Saved data entries
>>
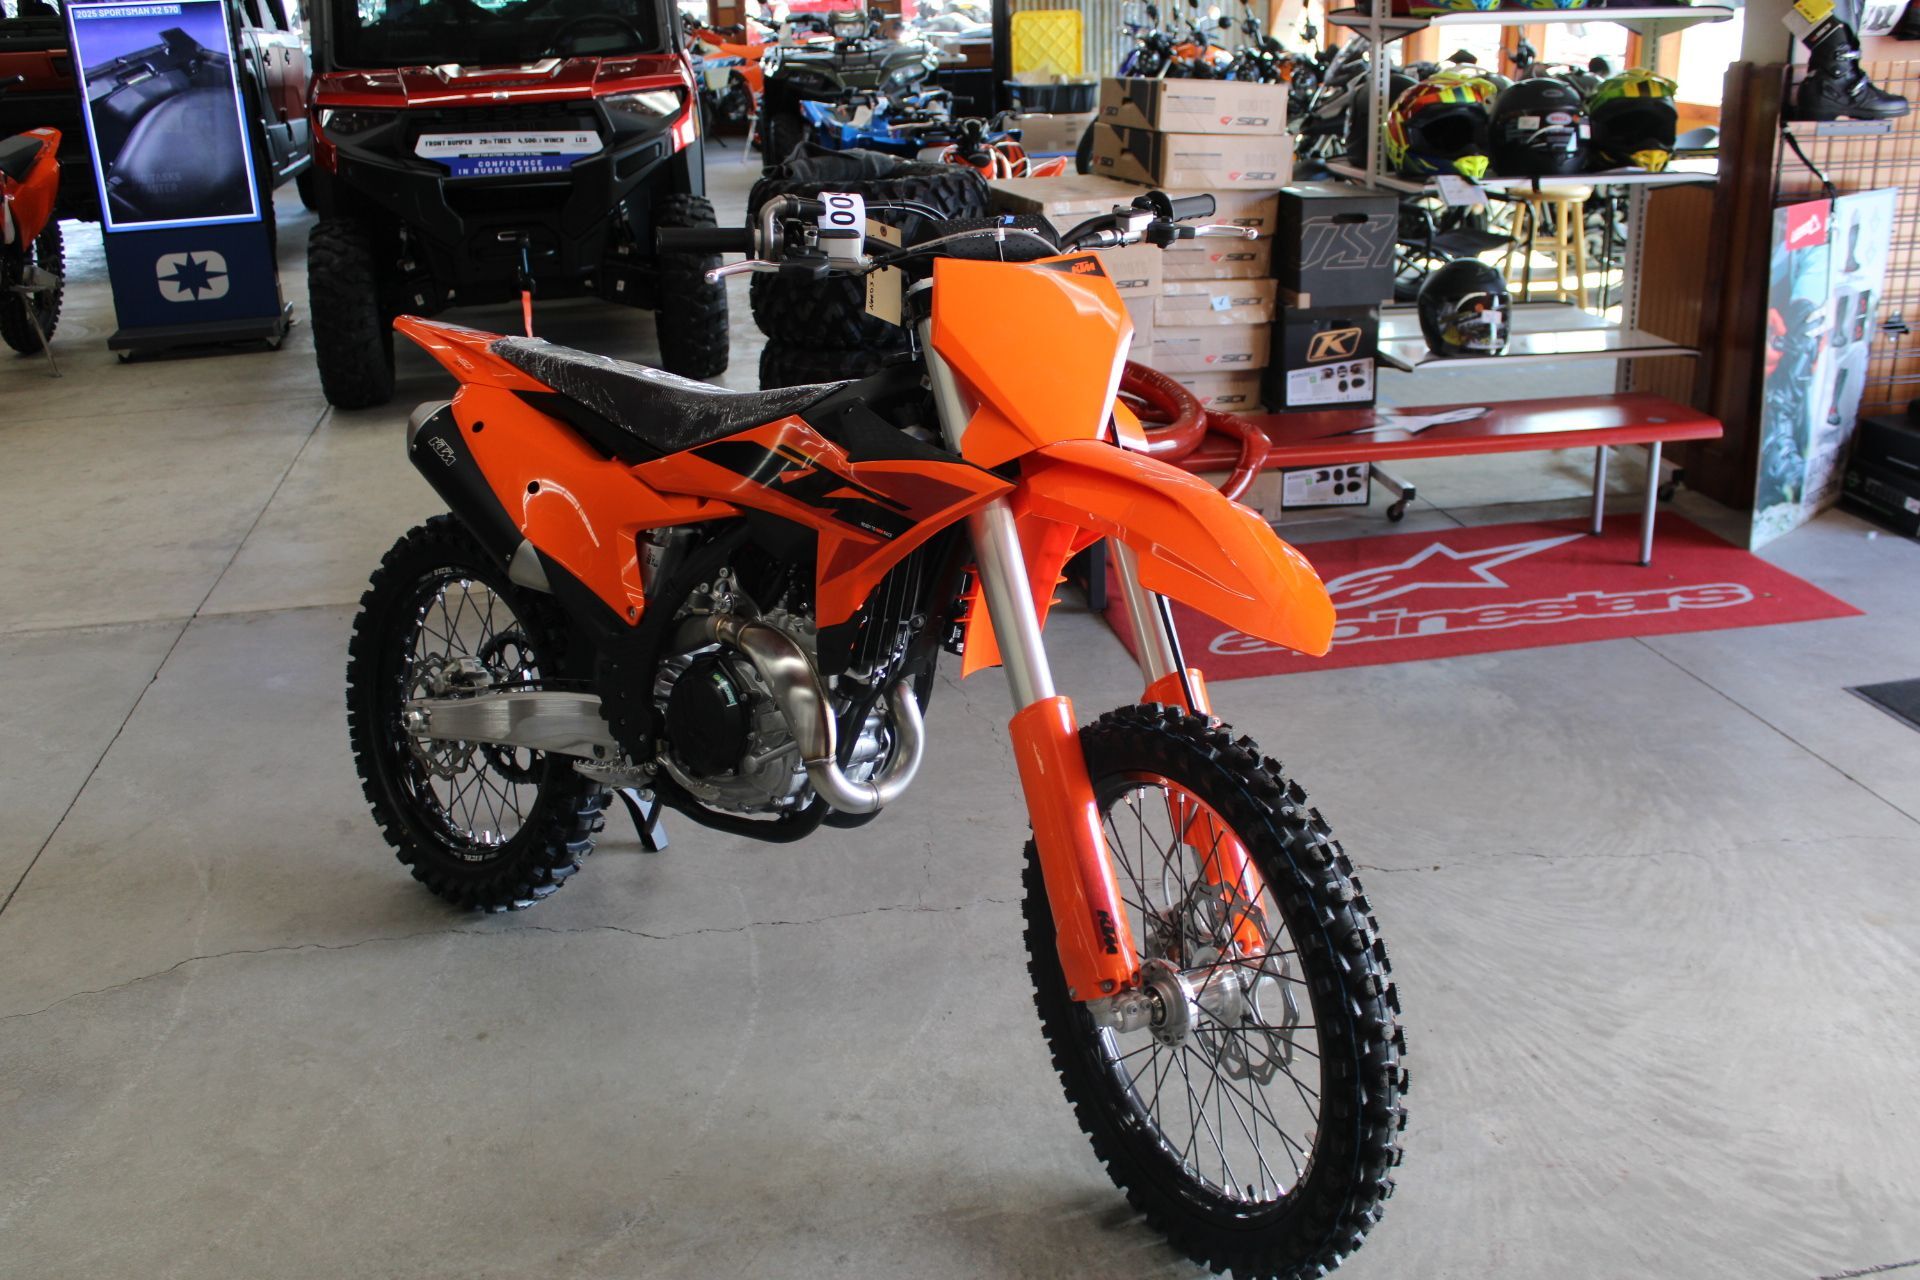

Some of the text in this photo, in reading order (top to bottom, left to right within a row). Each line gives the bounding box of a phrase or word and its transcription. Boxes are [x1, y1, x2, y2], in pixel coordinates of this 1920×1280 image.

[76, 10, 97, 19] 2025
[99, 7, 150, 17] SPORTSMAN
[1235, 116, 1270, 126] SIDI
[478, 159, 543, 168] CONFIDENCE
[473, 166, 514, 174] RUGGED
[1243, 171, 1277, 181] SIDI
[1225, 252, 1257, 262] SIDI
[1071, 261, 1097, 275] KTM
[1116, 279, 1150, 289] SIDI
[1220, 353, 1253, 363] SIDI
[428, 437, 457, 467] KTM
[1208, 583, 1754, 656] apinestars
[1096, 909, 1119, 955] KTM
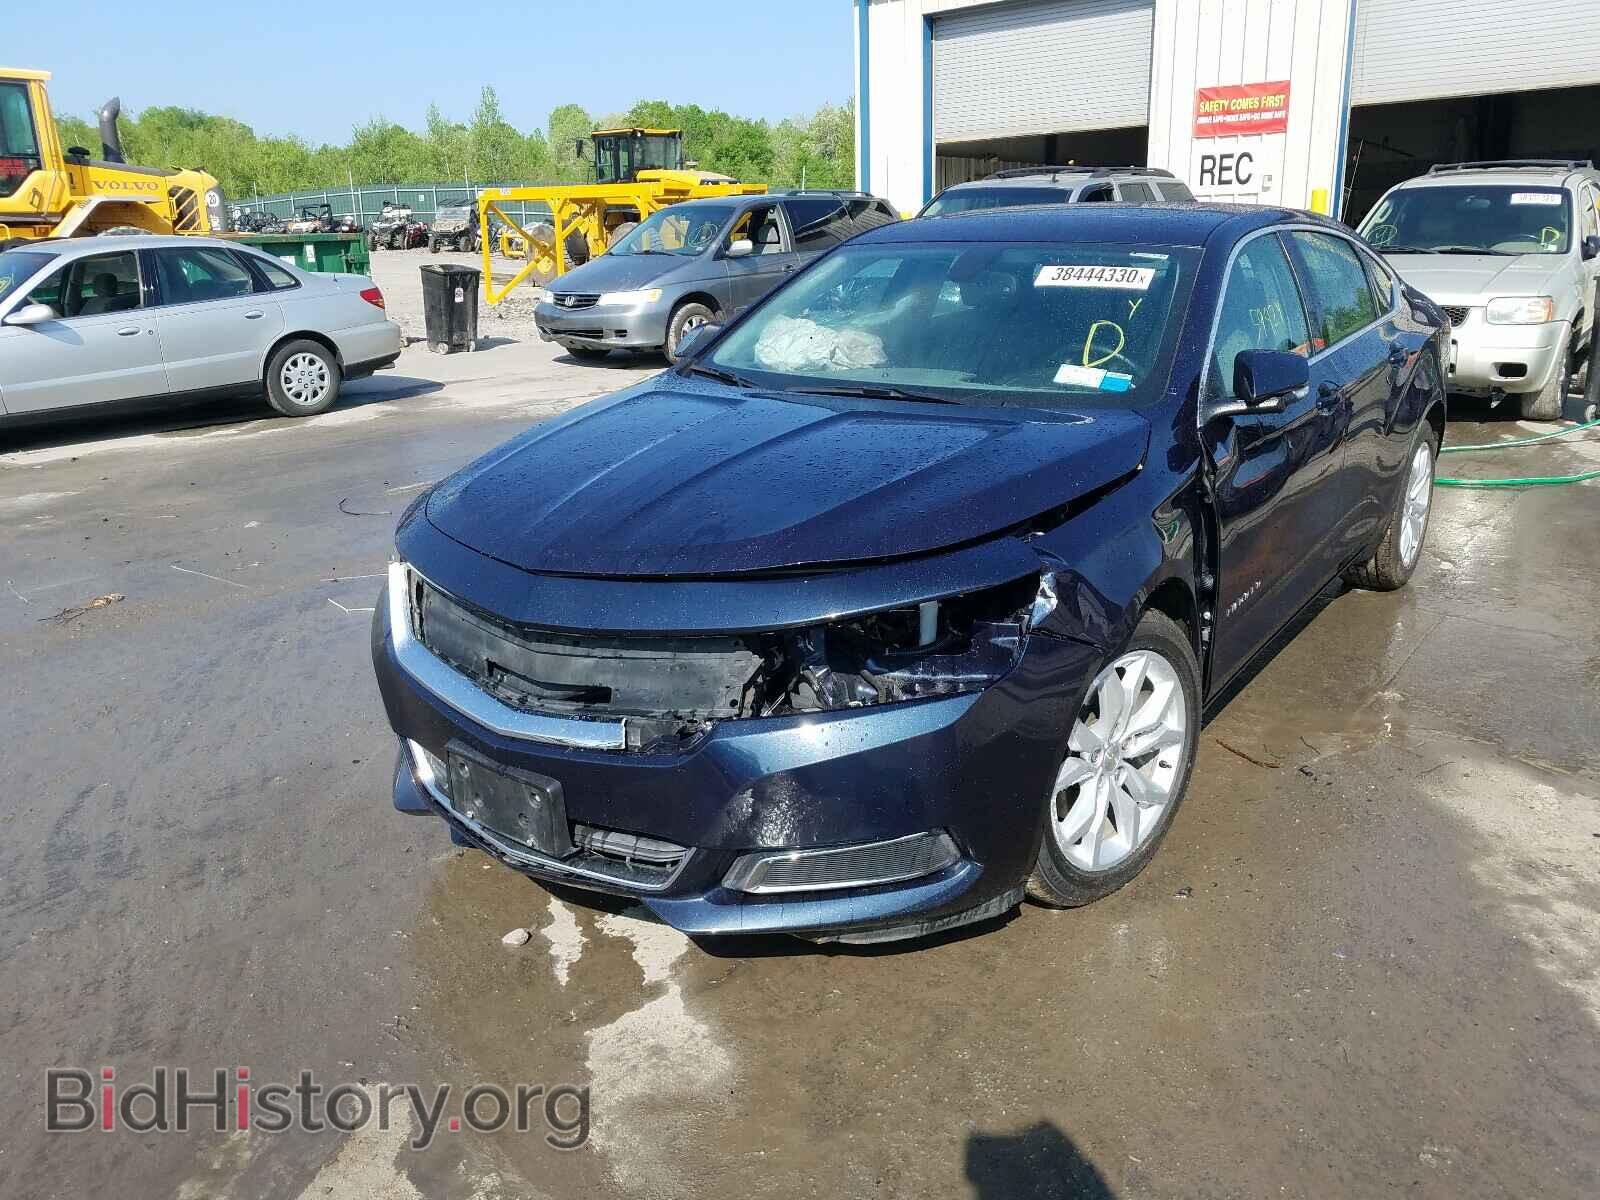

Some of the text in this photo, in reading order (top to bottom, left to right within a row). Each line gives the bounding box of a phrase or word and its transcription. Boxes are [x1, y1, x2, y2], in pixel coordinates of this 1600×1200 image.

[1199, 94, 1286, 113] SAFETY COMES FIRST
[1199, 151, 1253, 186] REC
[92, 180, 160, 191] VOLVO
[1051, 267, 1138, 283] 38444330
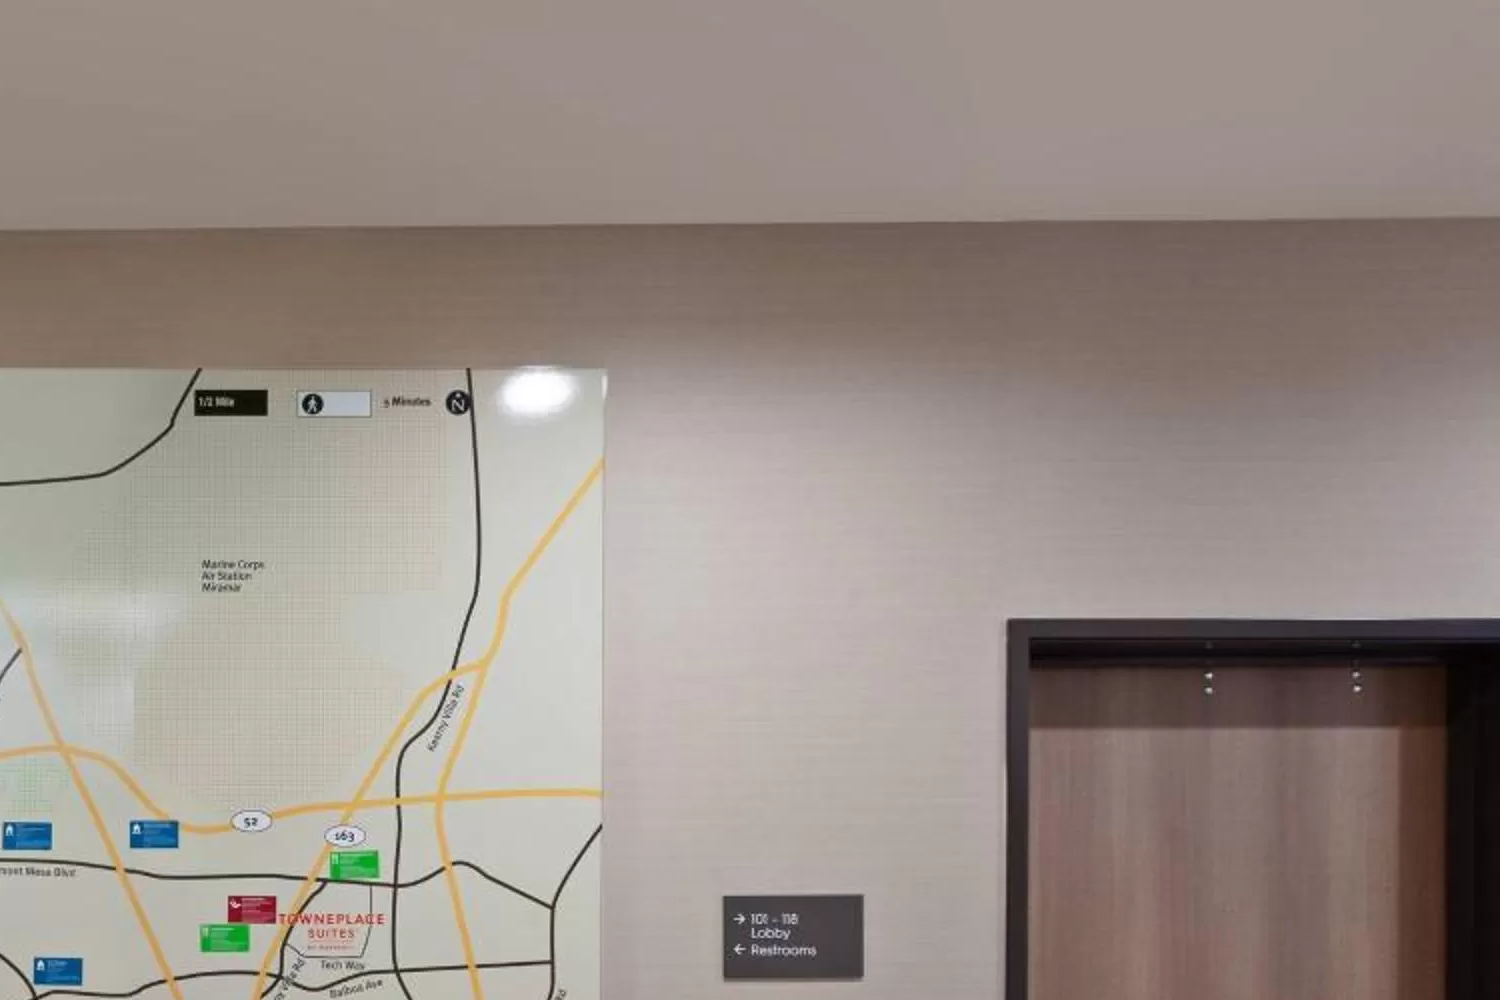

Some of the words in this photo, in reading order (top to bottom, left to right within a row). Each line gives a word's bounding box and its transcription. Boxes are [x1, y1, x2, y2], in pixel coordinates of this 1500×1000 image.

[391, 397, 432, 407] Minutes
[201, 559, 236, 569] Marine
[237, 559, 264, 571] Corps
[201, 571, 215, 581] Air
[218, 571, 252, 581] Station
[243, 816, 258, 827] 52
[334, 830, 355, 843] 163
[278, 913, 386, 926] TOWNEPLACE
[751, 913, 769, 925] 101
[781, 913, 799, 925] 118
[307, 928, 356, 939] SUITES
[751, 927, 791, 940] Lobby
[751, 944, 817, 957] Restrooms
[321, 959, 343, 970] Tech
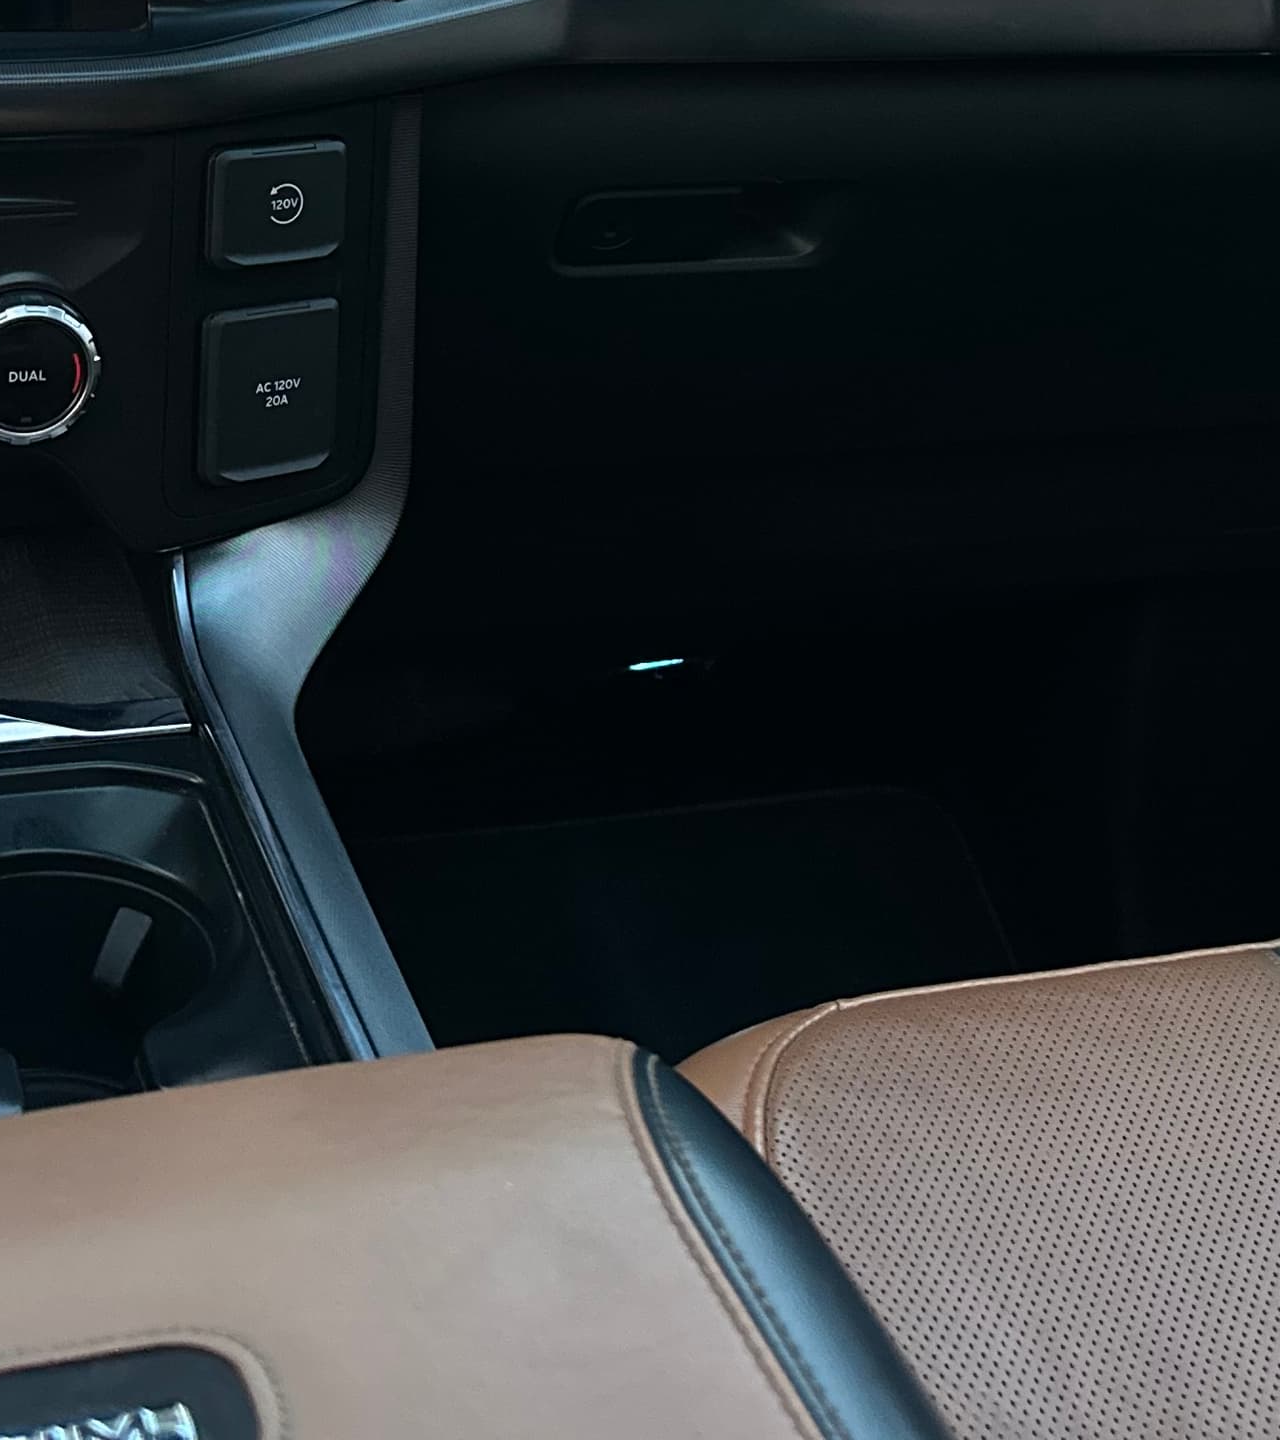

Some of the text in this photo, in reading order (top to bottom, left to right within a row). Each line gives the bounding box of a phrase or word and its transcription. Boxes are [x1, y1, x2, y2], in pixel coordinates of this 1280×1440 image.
<<
• _Task directions_
An exact reprint of every record is required, with the pictures omitted.

• _Result for this exercise_
Some of the text in this photo, in reading order (top to bottom, left to right within a row). Each line gives the bounding box of a phrase or word and its transcription. Boxes are [x1, y1, x2, y2], in pixel coordinates of this 1920×1280 image.

[76, 10, 97, 19] 2025
[99, 7, 150, 17] SPORTSMAN
[1235, 116, 1270, 126] SIDI
[478, 159, 543, 168] CONFIDENCE
[473, 166, 514, 174] RUGGED
[1243, 171, 1277, 181] SIDI
[1225, 252, 1257, 262] SIDI
[1071, 261, 1097, 275] KTM
[1116, 279, 1150, 289] SIDI
[1220, 353, 1253, 363] SIDI
[428, 437, 457, 467] KTM
[1208, 583, 1754, 656] apinestars
[1096, 909, 1119, 955] KTM

Some of the text in this photo, in reading order (top to bottom, left to right within a row). Each line gives the bounding box of a phrase or word and its transcription. Boxes are [x1, y1, x2, y2], in pixel coordinates of this 1600×1200 image.

[1199, 94, 1286, 113] SAFETY COMES FIRST
[1199, 151, 1253, 186] REC
[92, 180, 160, 191] VOLVO
[1051, 267, 1138, 283] 38444330

Some of the words in this photo, in reading order (top to bottom, left to right within a row). Each line gives a word's bounding box and its transcription. Boxes are [x1, y1, x2, y2], in pixel coordinates of this 1500×1000 image.

[391, 397, 432, 407] Minutes
[201, 559, 236, 569] Marine
[237, 559, 264, 571] Corps
[201, 571, 215, 581] Air
[218, 571, 252, 581] Station
[243, 816, 258, 827] 52
[334, 830, 355, 843] 163
[278, 913, 386, 926] TOWNEPLACE
[751, 913, 769, 925] 101
[781, 913, 799, 925] 118
[307, 928, 356, 939] SUITES
[751, 927, 791, 940] Lobby
[751, 944, 817, 957] Restrooms
[321, 959, 343, 970] Tech

Some of the text in this photo, in reading order (top to bottom, left to right within a row). Each line gives the bounding box of a phrase or word and its transcription. Boxes are [x1, y1, x2, y2], in pixel coordinates of this 1280×1440 image.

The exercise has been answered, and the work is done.